╭─ DATA TO USE
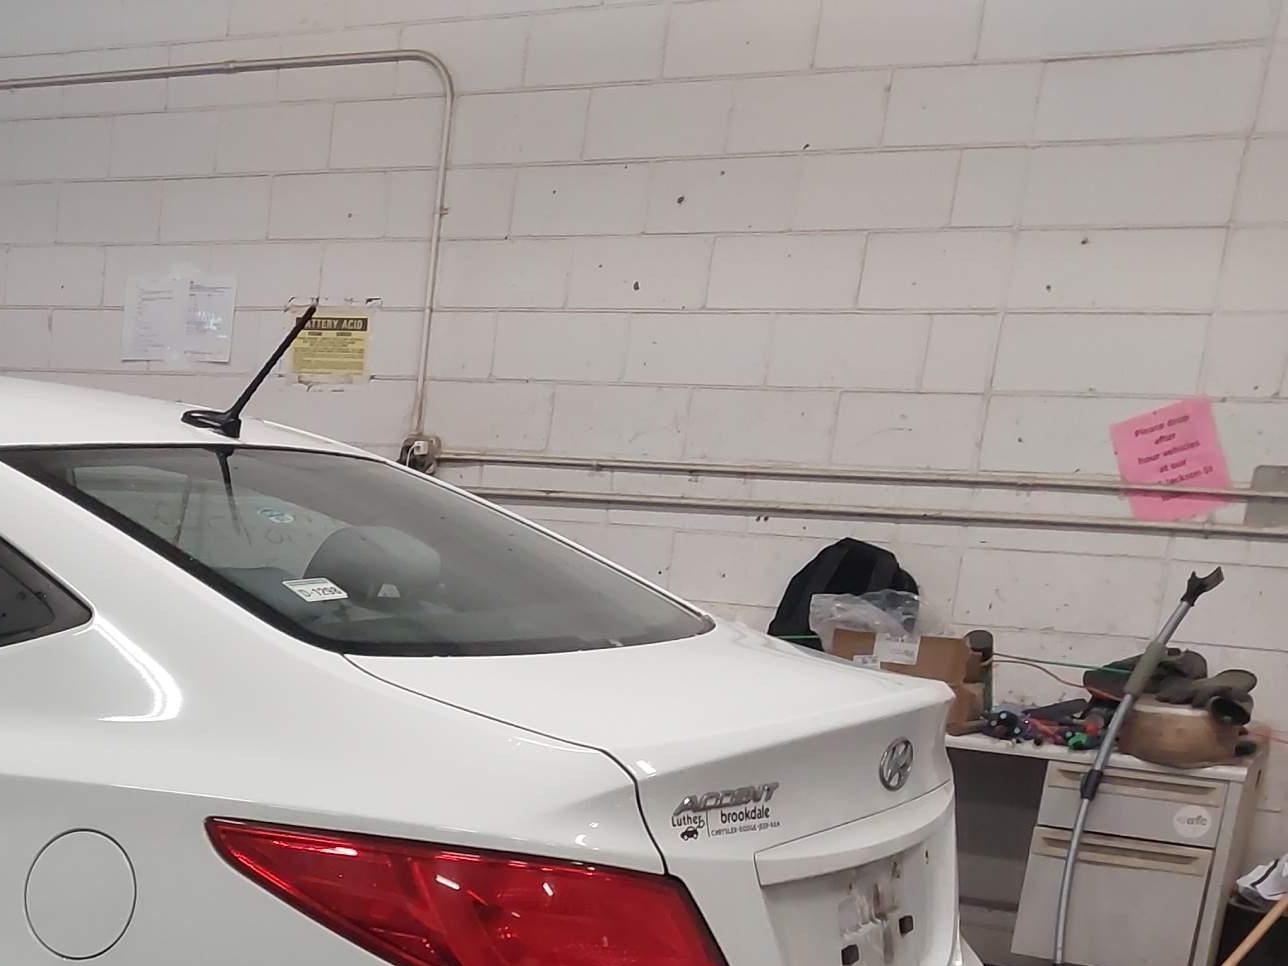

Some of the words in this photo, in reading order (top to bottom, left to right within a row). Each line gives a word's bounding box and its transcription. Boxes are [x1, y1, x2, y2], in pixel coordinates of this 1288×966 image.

[299, 319, 339, 330] ATTERY
[341, 319, 364, 330] ACID
[1134, 423, 1165, 437] Please
[1167, 415, 1190, 427] drop
[1154, 433, 1176, 445] after
[1137, 454, 1160, 465] hour
[1162, 440, 1201, 457] vehicles
[673, 781, 780, 816] ACCENT
[671, 815, 703, 827] Luther
[720, 804, 771, 824] brookdale
╰─
**EXERCISE INSTRUCTIONS:** Skip the images and write out the rest of the listing exactly.

**THE COMPLETED TASK:**
Some of the words in this photo, in reading order (top to bottom, left to right within a row). Each line gives a word's bounding box and its transcription. Boxes are [x1, y1, x2, y2], in pixel coordinates of this 1288×966 image.

[299, 319, 339, 330] ATTERY
[341, 319, 364, 330] ACID
[1134, 423, 1165, 437] Please
[1167, 415, 1190, 427] drop
[1154, 433, 1176, 445] after
[1137, 454, 1160, 465] hour
[1162, 440, 1201, 457] vehicles
[673, 781, 780, 816] ACCENT
[671, 815, 703, 827] Luther
[720, 804, 771, 824] brookdale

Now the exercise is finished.